Monday, Apr. 19, 1948

New Jobs for Radioactivity

Radioactive tracers, which have revolutionized medical and biological research, are now going to work in industry. This week Arthur D. Little, Inc. of Cambridge, Mass, told how it used the tracer technique to solve a steel problem.

Steel manufacturers know that sulphur (an undesirable impurity) gets into steel from the coal used as fuel. But there are two types of sulphur in coal: organic and "pyritic" (iron sulphide). Republic Steel Corp. wanted to know whether either type is driven off when the coal is made into coke. There was no handy chemical way to find out, but the Little Co.'s scientists worked out a tracer technique that did the job quickly and easily.

They made a small amount of pyrites containing radioactive sulphur and mixed it with a coke-oven charge of coal. They roasted the coal and measured the radioactivity of the sulphur remaining in the coke. A very low level of radioactivity would indicate that most of the pyritic sulphur had been driven off, taking with it the radioactive tags. A higher level would show that the organic sulphur had been eliminated, leaving behind the pyritic sulphur. Actually, the radioactivity of the sulphur fell between the two extremes, showing that both forms of sulphur stay behind in the coke. The experiment proved to Republic Steel that there is no advantage in using coal that is low in one type of sulphur and high in the other.

The Little Co. sees a bright future for tracers in industry. They can be used to measure the infinitesimal amount of lubricant applied to textile fibers, or to estimate the ghost-thin film of metal rubbed off a shaft when it revolves in its bearings. No quantity of material is too small to carry telltale sparks of radioactivity.
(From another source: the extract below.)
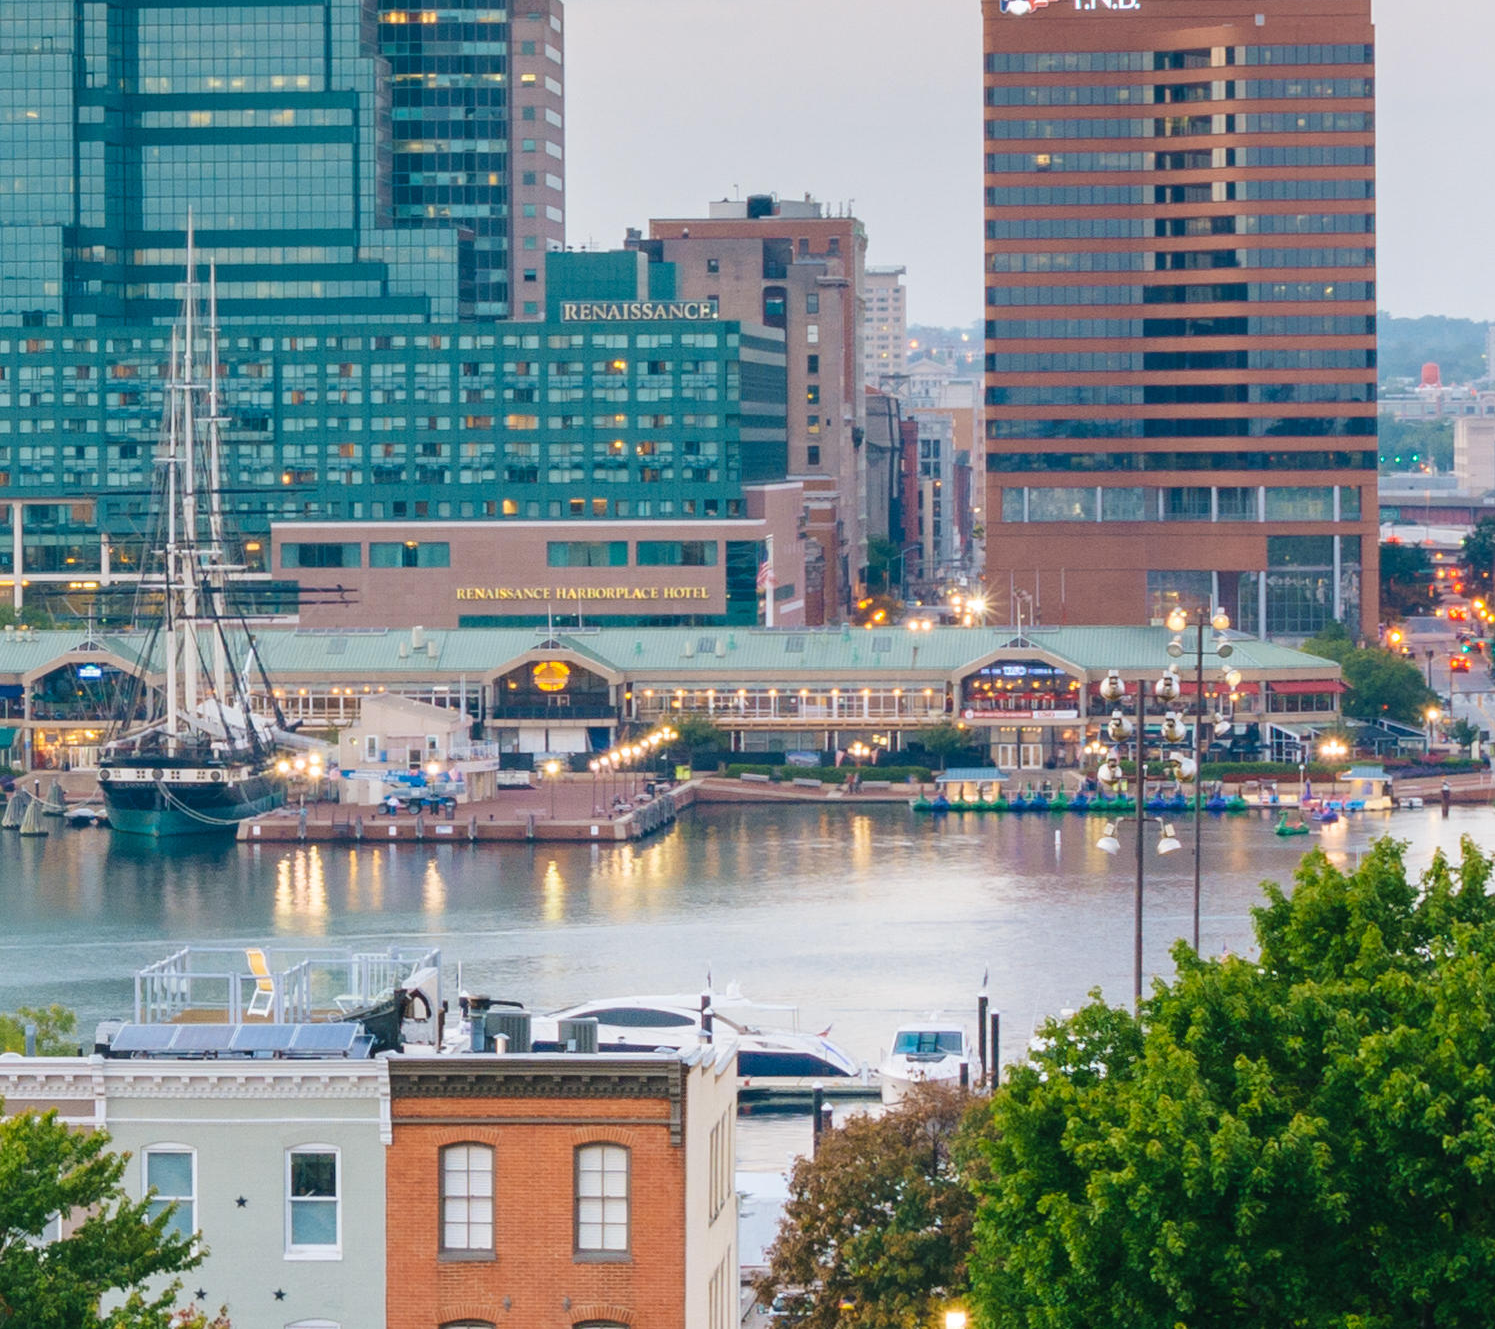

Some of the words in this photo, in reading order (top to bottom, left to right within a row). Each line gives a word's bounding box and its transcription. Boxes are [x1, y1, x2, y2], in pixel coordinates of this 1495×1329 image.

It won't be long, the chemists think, before radioactive tracers are used to control industrial processes. Bessemer converters, for instance, burn impurities out of molten iron with a blast of air. Usually the phosphorus is the last impurity to go. The Little scientists propose that a small amount of radioactive phosphorus be added to the mix. When it (and the ordinary phosphorus with it) has been burned out of the steel, automatic instruments will note instantaneously the drop in radioactivity. Then the air blast can be shut off at exactly the right moment.